On the journey from gene to protein, a nascent RNA molecule can be cut and joined, or spliced, in different ways before it is translated into a protein. This process, known as alternative splicing, allows a single gene to encode many different proteins. Alternative splicing occurs in many biological processes, such as when stem cells mature into tissue-specific cells. In the context of disease, however, alternative splicing can be dysregulated. Therefore, it is important to examine the transcriptome – that is, all the RNA molecules that can be derived from genes – to understand the root cause of a condition.
However, historically it has been difficult to “read” RNA molecules in their entirety because they are often thousands of bases long. Instead, researchers rely on so-called short-read RNA sequencing, which breaks RNA molecules and sequences them into much shorter pieces — anywhere from 200 to 600 bases, depending on platform and protocol. Computer programs are then used to reconstruct the complete sequences of RNA molecules. Short read RNA sequencing can provide highly accurate sequencing data, with a low per-base error rate of approximately 0.1% (meaning that one base is incorrectly determined for every 1000 bases sequenced). However, it is limited in the information it can provide due to the short length of sequencing reads. In many ways, short-read RNA sequencing is like breaking a large picture into several puzzle pieces of the same shape and size, and then trying to put the picture back together again.
Recently, “long read” platforms have become available that can sequence RNA molecules over 10,000 bases in length end-to-end. These platforms do not require the RNA molecules to be broken down before they can be sequenced, but they have a much higher error rate per base, typically between 5% to 20%. This well-known limitation has severely hampered the widespread adoption of long-read RNA sequencing. In particular, the high error rate has made it difficult to determine the validity of previously unknown new RNA molecules discovered in a given condition or disease.
To get around this problem, researchers at the Children’s Hospital of Philadelphia (CHOP) have developed a new computational tool that can more accurately discover and quantify RNA molecules from this error-prone, long-read RNA sequencing data. The tool, called ESPRESSO (Error Statistics PRomoted Evaluator of Splice Site Options), was released today at advances in science.
“Long read RNA sequencing is a powerful technology that will allow us to discover RNA variations in rare genetic diseases and other conditions such as cancer,” said Yi Xing, PhD, director of CHOP’s Center for Computational Medicine and Genomics and lead author study senior. “We are likely at an inflection point in how we discover and analyze RNA molecules.

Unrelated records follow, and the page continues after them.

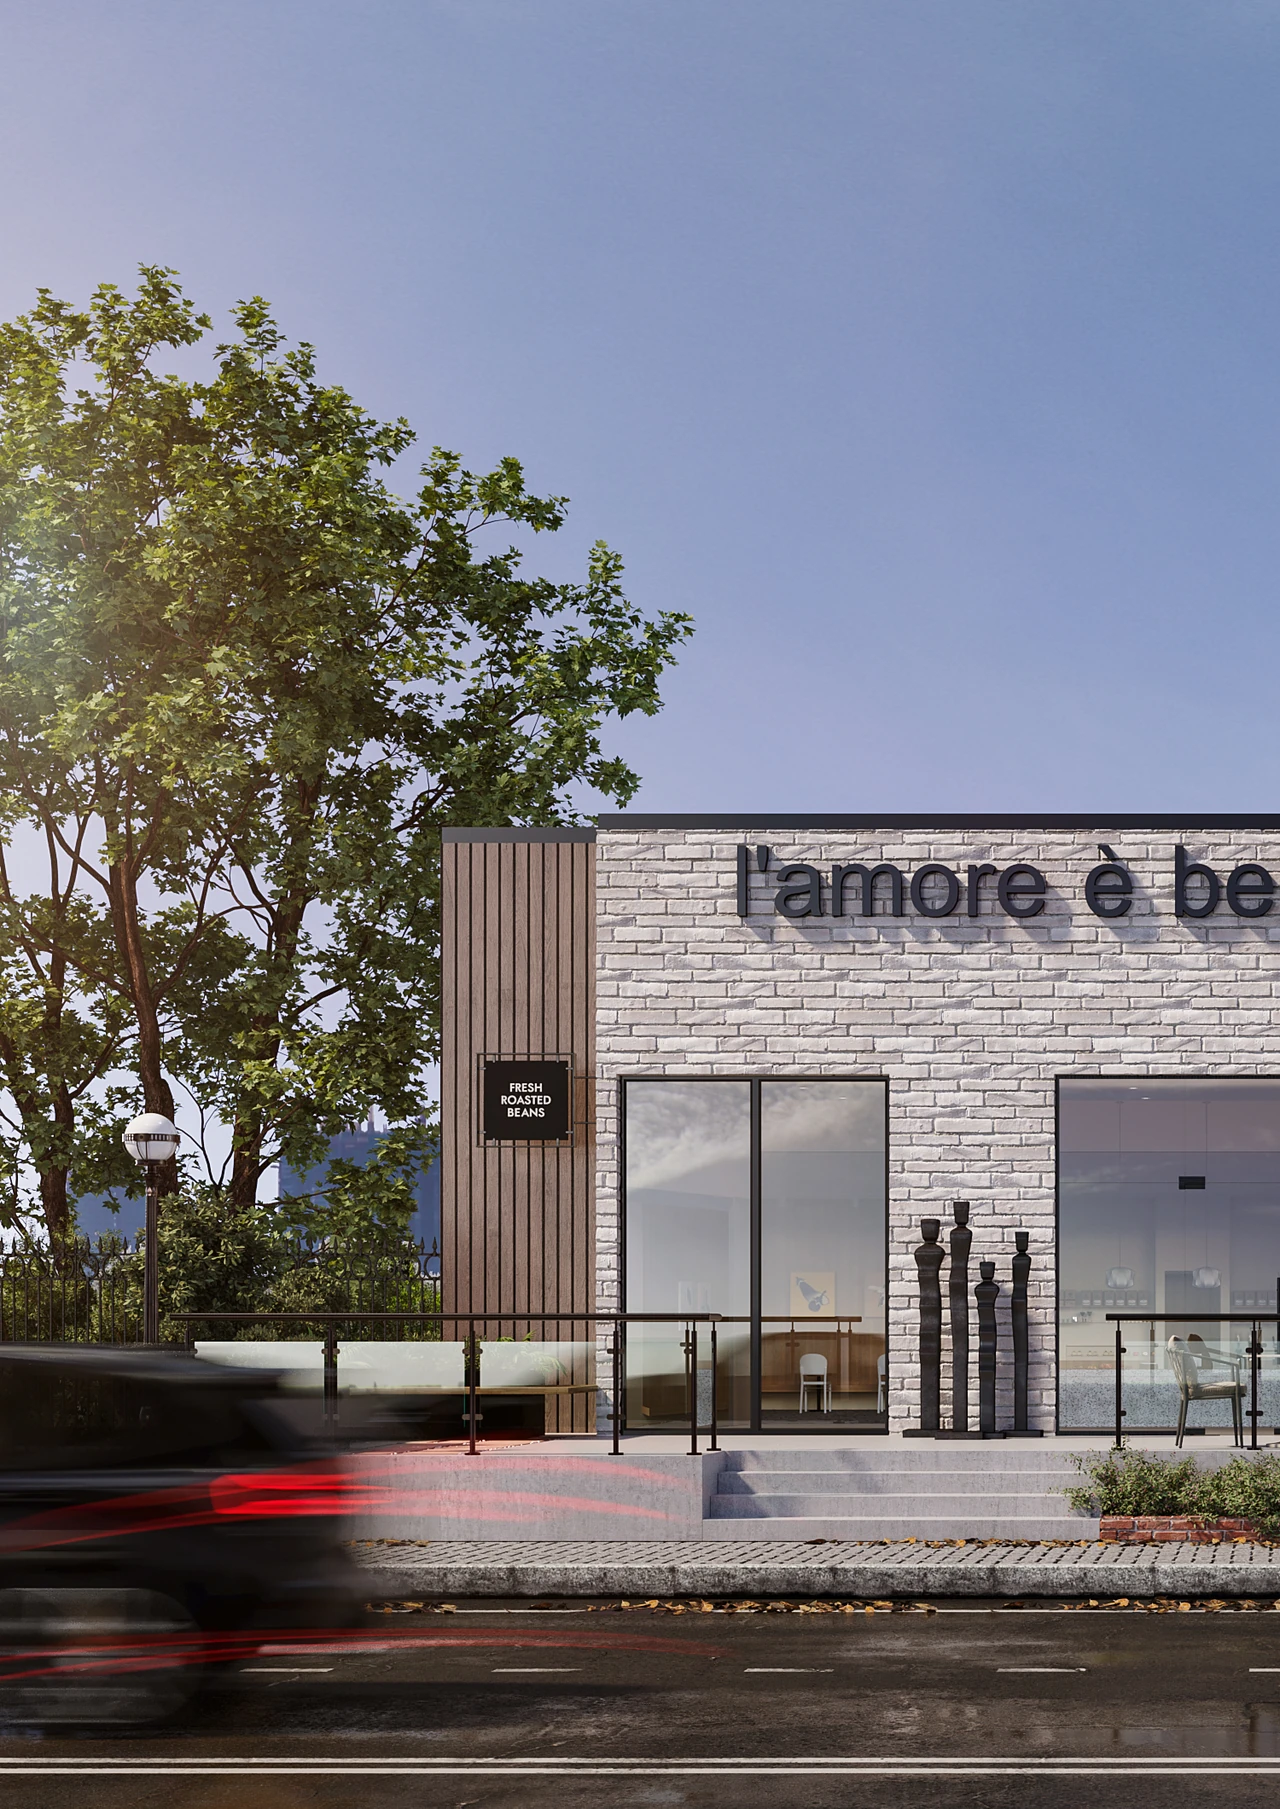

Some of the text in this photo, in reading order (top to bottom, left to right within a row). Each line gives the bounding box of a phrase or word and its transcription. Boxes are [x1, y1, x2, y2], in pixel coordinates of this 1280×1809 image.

[735, 844, 1047, 918] l'amore
[1084, 844, 1134, 918] è
[509, 1082, 543, 1093] FRESH
[500, 1094, 552, 1105] ROASTED
[507, 1107, 546, 1118] BEANS

The transition from short-read to long-read RNA sequencing represents an exciting technological transformation, and computational tools that reliably interpret RNA sequencing data Long read RNA are urgently needed.”
ESPRESSO can accurately discover and quantify different RNA molecules from the same gene – known as RNA isoforms – using only error-prone long-read RNA sequencing data. To do this, the computational tool compares all the long RNA sequencing reads of a given gene with its corresponding genomic DNA, and then uses the error patterns of individual long reads to confidently identify the splice junctions – places where the nascent RNA molecule was cut and joined together – as well as their corresponding full-length RNA isoforms. By finding areas of perfect matches between long RNA sequencing reads and genomic DNA, as well as obtaining information across all long RNA sequencing reads of a gene, the tool is able to identify highly reliable splice junctions and isoforms of a gene. RNA, including those that were not previously documented in existing databases.

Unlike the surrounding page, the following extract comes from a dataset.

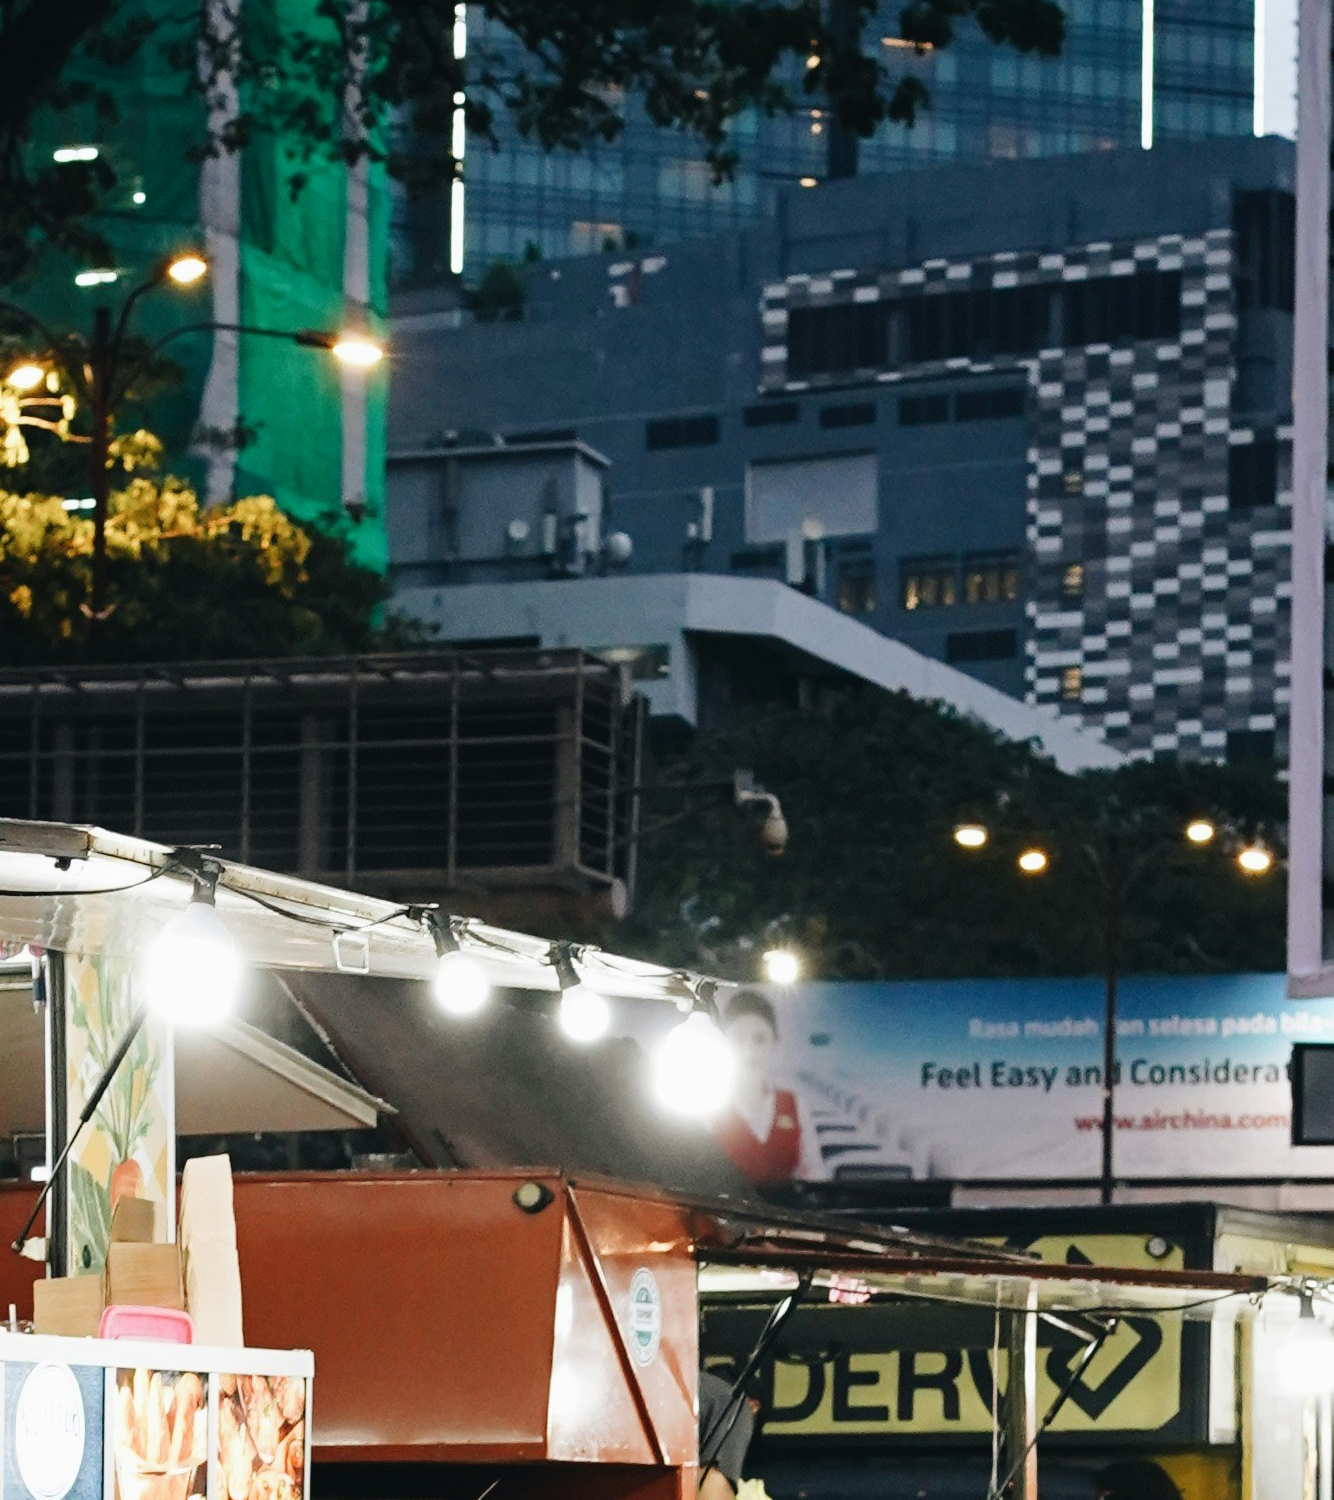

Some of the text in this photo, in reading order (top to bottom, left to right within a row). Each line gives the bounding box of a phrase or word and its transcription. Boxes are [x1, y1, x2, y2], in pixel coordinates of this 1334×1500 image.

[921, 1060, 981, 1089] Feel
[990, 1059, 1059, 1093] Easy
[1130, 1057, 1292, 1086] Considera

The researchers evaluated the performance of ESPRESSO using simulated data and data from real biological samples. They found that ESPRESSO outperforms several currently available tools, both in terms of RNA isoform discovery and quantification. The researchers also generated and analyzed more than 1 billion long RNA sequencing reads covering 30 human tissue types and three human cell lines, providing a useful resource for studying human transcriptome variation in resolving full-length RNA isoforms. .
“ESPRESSO addresses an age-old problem of long-read RNA sequencing and may open up new discovery opportunities,” said Dr. Xing. “We anticipate that ESPRESSO will be a useful tool for researchers to explore the RNA cell repertoire in various biomedical and clinical settings.”
This work was supported in part by the Immuno-Oncology Translational Network (IOTN) of the Cancer Moonshot Initiative of the National Cancer Institute (U01CA233074), other National Institutes of Health Finance (R01GM088342, R01GM121827, and R56HG012310), along with a National Institutes of Health grant Training Course in Computational Genomics (T32HG000046).